Wasseem S. Kabbara — a Lebanese-American entrepreneur in Boston who started the Freedom and Peace Trust to provide medical supplies to treat post-traumatic stress and other psychiatric ailments suffered by people in Iraq — feels so strongly about his mission that he says he has been paying the charity’s expenses out of his own pocket for the past six months.
Mr. Kabbara says he started the relief organization after viewing scenes on television of Iraqis looting shortly after the U.S. invasion.
While others saw lawlessness in the images, he says he saw people trying to relieve the pain of living under Saddam Hussein’s brutal dictatorship.
“I immediately knew they are all suffering because of exposure to torture, exposure to oppression,” Mr. Kabbara recalls. “All of a sudden the country is liberated and they had access to things they never had access to before.”
Working with Direct Relief International, in Santa Barbara, Calif., Freedom and Peace Trust has shipped $20-million worth of donated medications to hospitals and clinics in Iraq, sometimes with the help of the coalition forces, Mr. Kabbara says.
While it continues to ship goods to Iraq, via Kuwait, it closed its Baghdad office a year ago, after the two Iraqi psychologists working there said it was too dangerous to continue, he says.
Vast Needs
As violent strife continues in Iraq, disrupting basic services and causing tens of thousands of casualties, some aid groups worry about the humanitarian needs that are not being met.
Mr.
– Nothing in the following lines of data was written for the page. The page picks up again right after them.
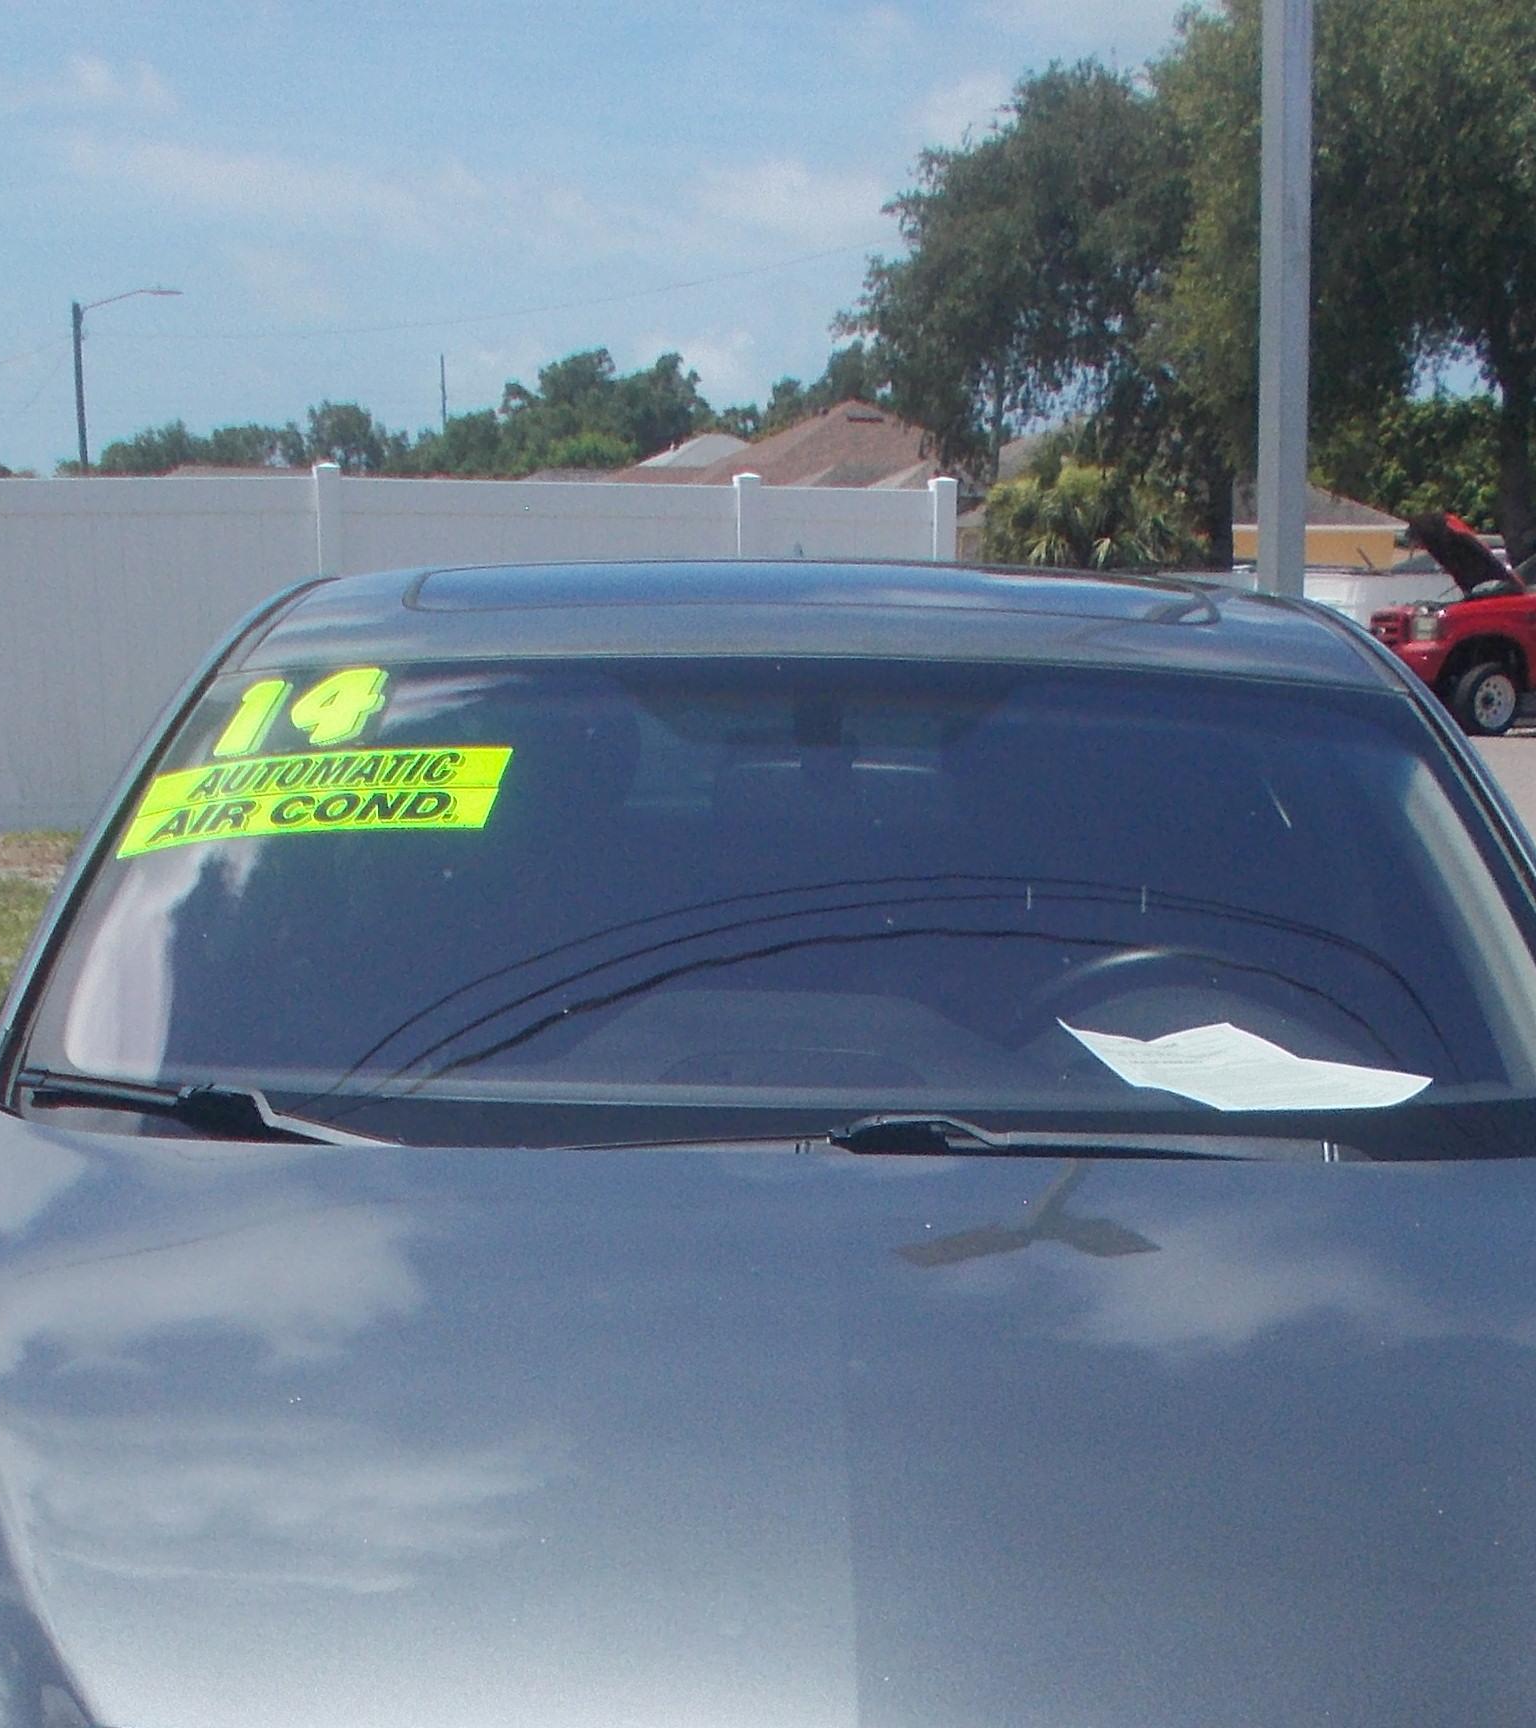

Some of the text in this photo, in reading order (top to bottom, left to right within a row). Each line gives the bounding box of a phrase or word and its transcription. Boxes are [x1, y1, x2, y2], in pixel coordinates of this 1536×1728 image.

[214, 668, 387, 756] 14
[186, 751, 464, 800] AUTOMATIC
[145, 791, 457, 847] AIR COND.
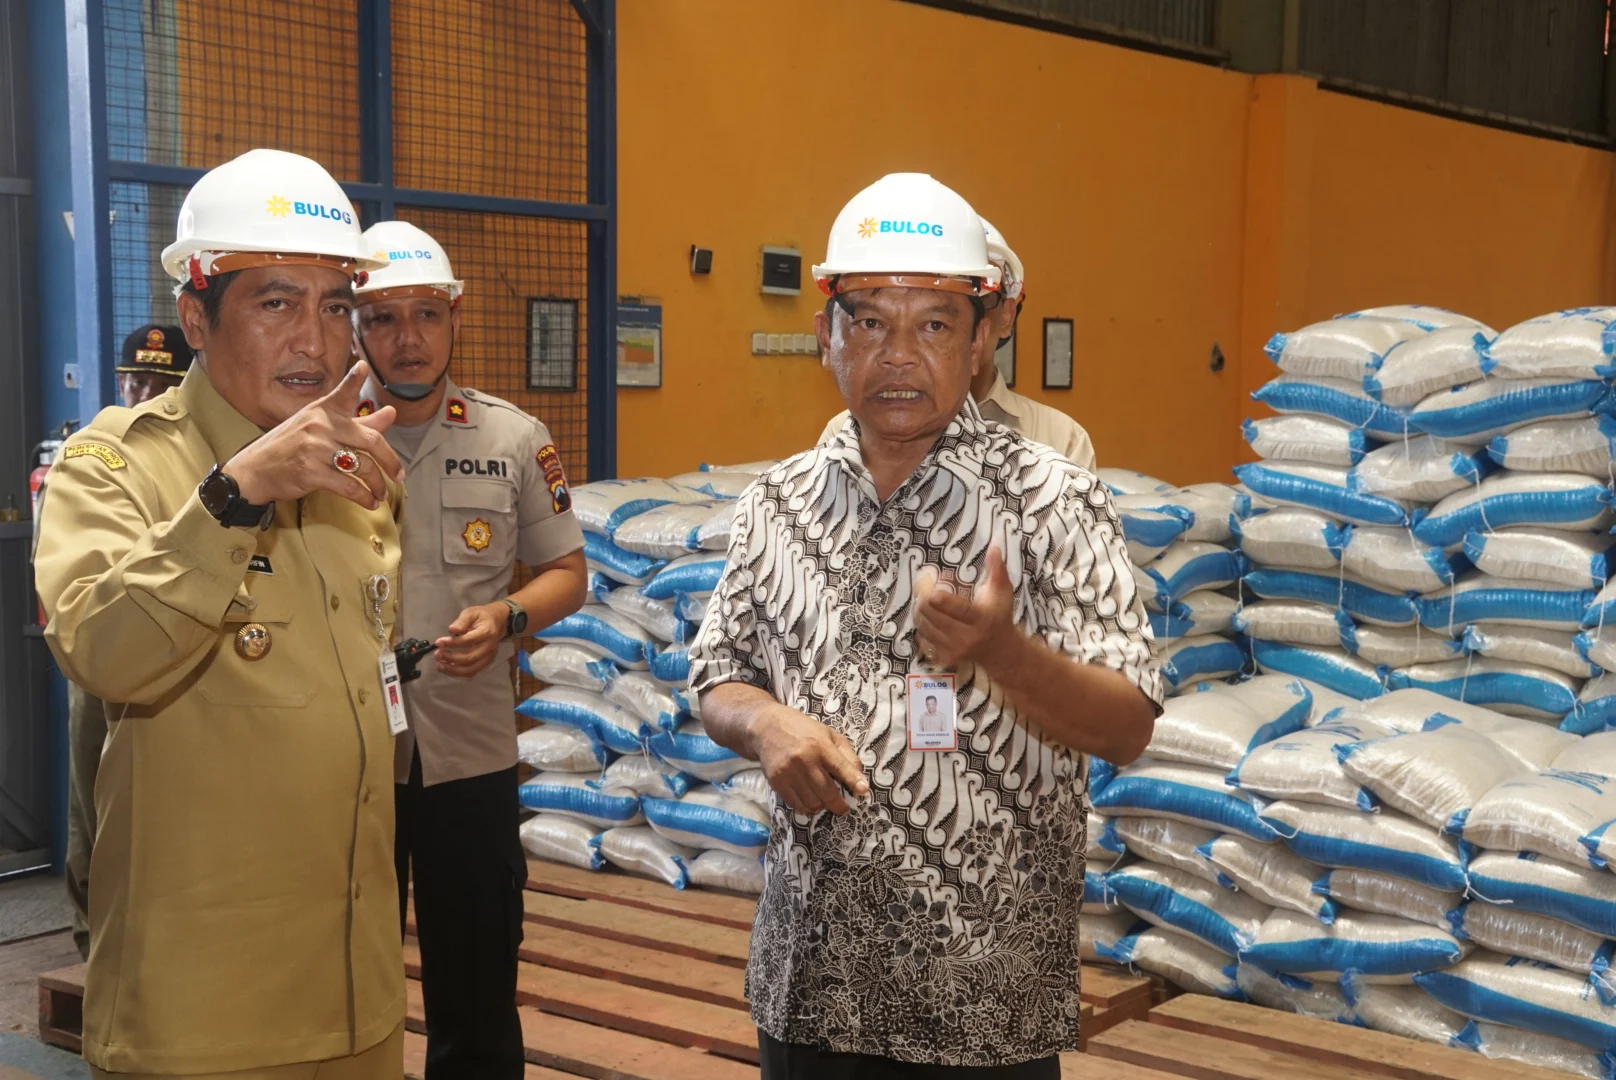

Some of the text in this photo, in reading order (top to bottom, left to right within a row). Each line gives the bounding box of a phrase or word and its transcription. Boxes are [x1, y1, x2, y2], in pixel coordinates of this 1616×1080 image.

[294, 201, 352, 225] BULOG
[880, 220, 944, 237] BULOG
[389, 250, 432, 261] BULOG
[445, 458, 507, 477] POLRI
Mofarah, of the NGO Coordinating Committee in Iraq, says that while many international relief groups left the country after violent episodes, now some are leaving because they can’t find “neutral” sources of funds — that is, not from the United States or other coalition countries. “The emergency donors are leaving the country,” he says.
For example, he notes that the European Union still provides money for reconstruction projects, but its aid arm, the European Community Humanitarian Aid Office, no longer pays for projects in Iraq.
“It’s very difficult to get any private funding for Iraq given the political aspects of the conflict,” says Silja Paasilinna, a senior program officer for Relief International, in Los Angeles, which is about to start a small-loans program in Iraq with money from the U.S. Agency for International Development.
Yet Mr. Alomari, of Life, says conditions for the Iraqi people have not improved since the group started working in Iraq in the mid-1990s. “We’ve been seeing the suffering over the last 10 years or so,” he says. “It’s changed, but it hasn’t really improved greatly. There’s still massive malnutrition, still lack of good medical services, lack of good drinking water, good sanitation. These things are still a major problem. They haven’t really gone away.”